As celebrities, politicians, and the public at large parse their social-media histories for any evidence of untoward or potentially racially offensive comments, jokes, memes or otherwise, it appears the BBC is the latest institution to have views expressed in the past come back to haunt it.
In an archived article from 2009 discussing slavery and Islam, critics highlight how the BBC included such grim subheadings and points as “How Islam moderated slavery,” including “Islam treated slaves as human beings as well as property” and how, mercifully, “Islam barred Muslims from enslaving other Muslims.”
Muslim slavery is good slavery.White slavery is bad slavery.Thanks for that BBC.— Lawrence Hakiwai (@Omahuson) July 9, 2020
Though the BBC writer does acknowledge that Islam“made freeing slaves a virtuous act,” and makes several other concessions in the piece, it still apparently strayed too close to apologetics for slavery, in the eyes of many irate tweeters, becoming an exercise in whataboutery and deflecting blame on to Christians and white people.
Many more African were sold off into slavery in the Islamic world than sold across the Atlantic. Today there are many millions of slave descendants in the America's, but hardly any African descendants n the Islamic world. What happened? In a word. Eunuchs. https://t.co/wH48gQ7cC3— CliffSmith (@CliffSmith3) July 10, 2020
Many were particularly irked, given the plight the Yazidi suffered at the hands of Islamic State (IS, formerly ISIS) jihadists in the so-called caliphate in Iraq and Syria.

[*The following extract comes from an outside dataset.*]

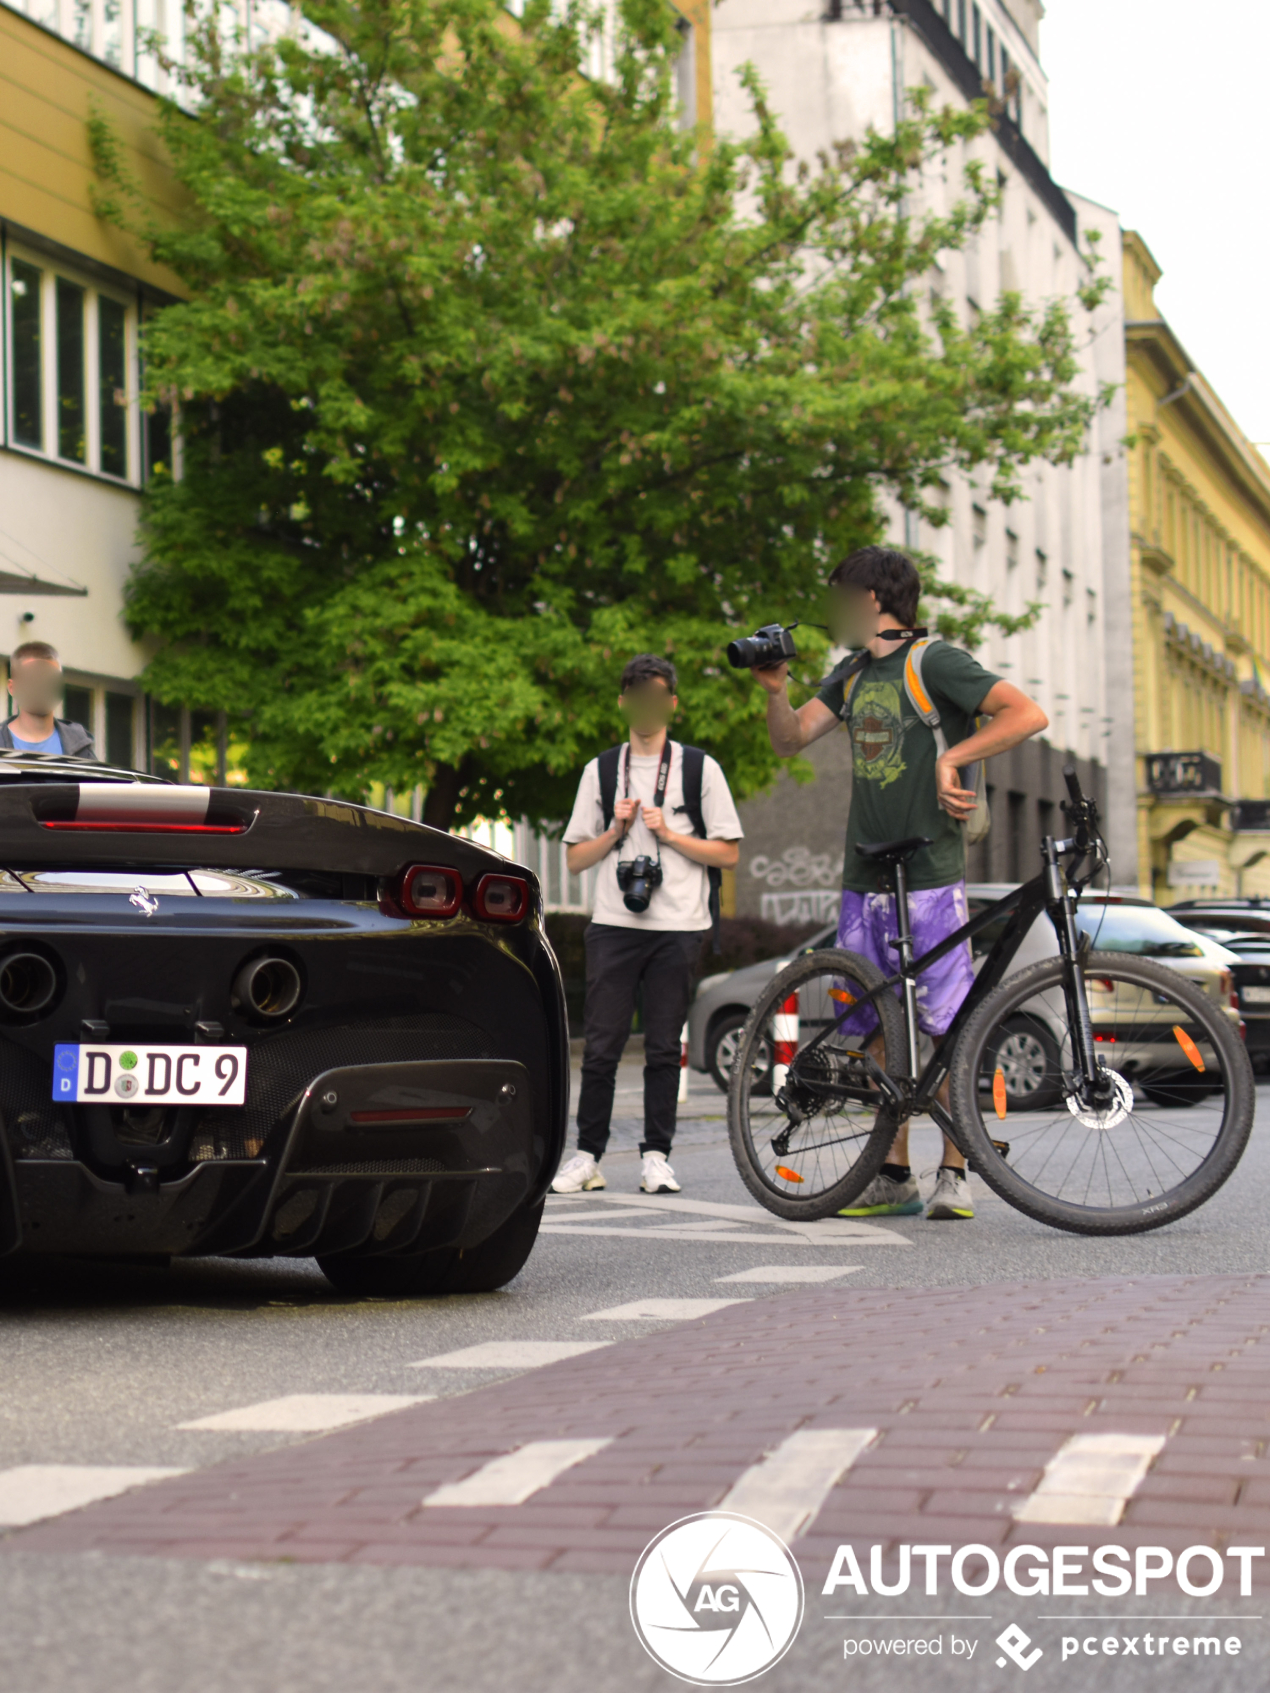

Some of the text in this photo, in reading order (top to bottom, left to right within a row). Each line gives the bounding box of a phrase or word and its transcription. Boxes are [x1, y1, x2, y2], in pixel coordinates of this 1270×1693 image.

[60, 1078, 71, 1092] D
[84, 1052, 239, 1096] D DC 9

Good god, tell that to the Yazidi women taken as sex slaves. BBC trying to rewrite history, much? What about those poor young men strung up by their ankles recently? 😡— Sal (@wellynelly6) July 9, 2020
The article resurfaced after reports emerged that Al-Qaeda had begun to rebrand itself as a “champion of the oppressed” to capitalize on the groundswell of support for anti-racism, anti-establishment, and anti-colonialist movements across the Western world in the wake of George Floyd’s killing at the hands of the Minneapolis police department.